PROBLEM
Below are the records; print them again exactly and omit the pictures.

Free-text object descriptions
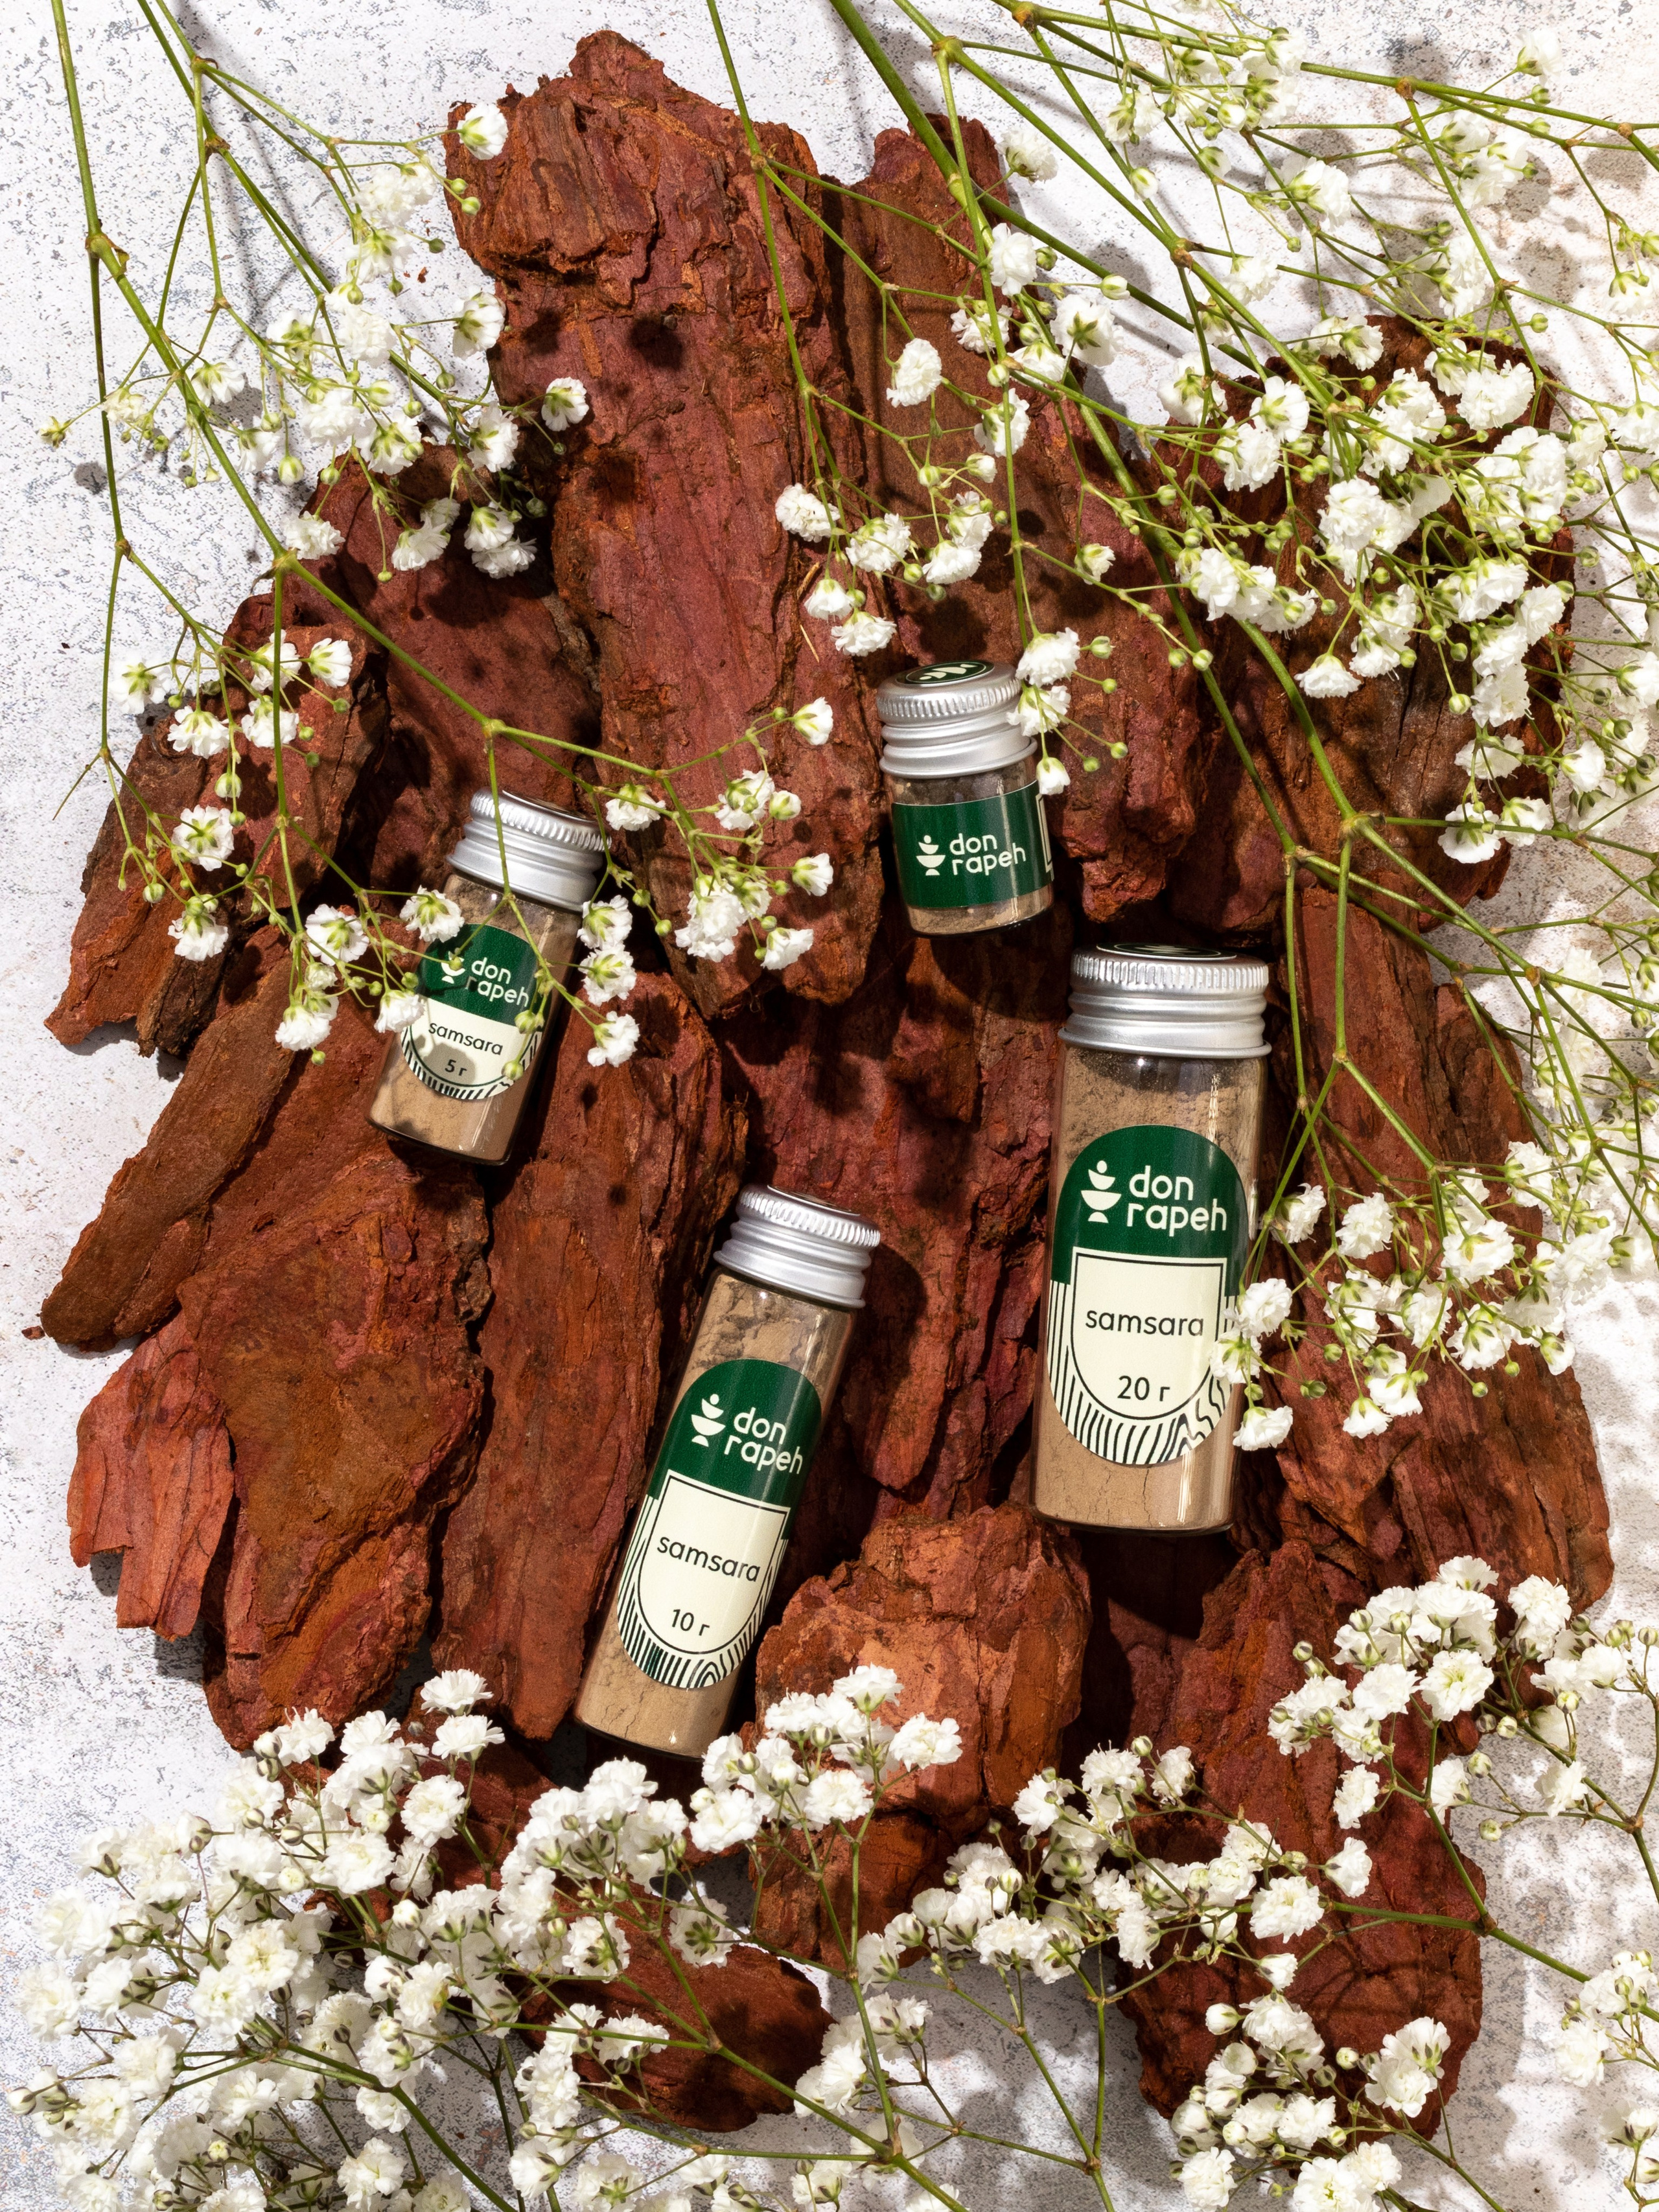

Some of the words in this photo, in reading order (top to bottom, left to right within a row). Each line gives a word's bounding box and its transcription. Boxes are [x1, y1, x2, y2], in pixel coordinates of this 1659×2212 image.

[949, 833, 997, 855] don
[952, 842, 1026, 876] rapeh
[471, 957, 511, 984] don
[465, 976, 529, 1008] rapeh
[428, 1022, 503, 1055] samsara
[445, 1059, 457, 1073] 5
[1129, 1165, 1194, 1201] don
[1126, 1198, 1227, 1237] rapeh
[1085, 1310, 1203, 1336] samsara
[1117, 1375, 1150, 1401] 20
[734, 1407, 787, 1445] don
[724, 1434, 803, 1475] rapeh
[657, 1536, 760, 1582] samsara
[671, 1609, 695, 1631] 10

ANSWER FOR THE TASK
Some of the words in this photo, in reading order (top to bottom, left to right within a row). Each line gives a word's bounding box and its transcription. Boxes are [x1, y1, x2, y2], in pixel coordinates of this 1659×2212 image.

[949, 833, 997, 855] don
[952, 842, 1026, 876] rapeh
[471, 957, 511, 984] don
[465, 976, 529, 1008] rapeh
[428, 1022, 503, 1055] samsara
[445, 1059, 457, 1073] 5
[1129, 1165, 1194, 1201] don
[1126, 1198, 1227, 1237] rapeh
[1085, 1310, 1203, 1336] samsara
[1117, 1375, 1150, 1401] 20
[734, 1407, 787, 1445] don
[724, 1434, 803, 1475] rapeh
[657, 1536, 760, 1582] samsara
[671, 1609, 695, 1631] 10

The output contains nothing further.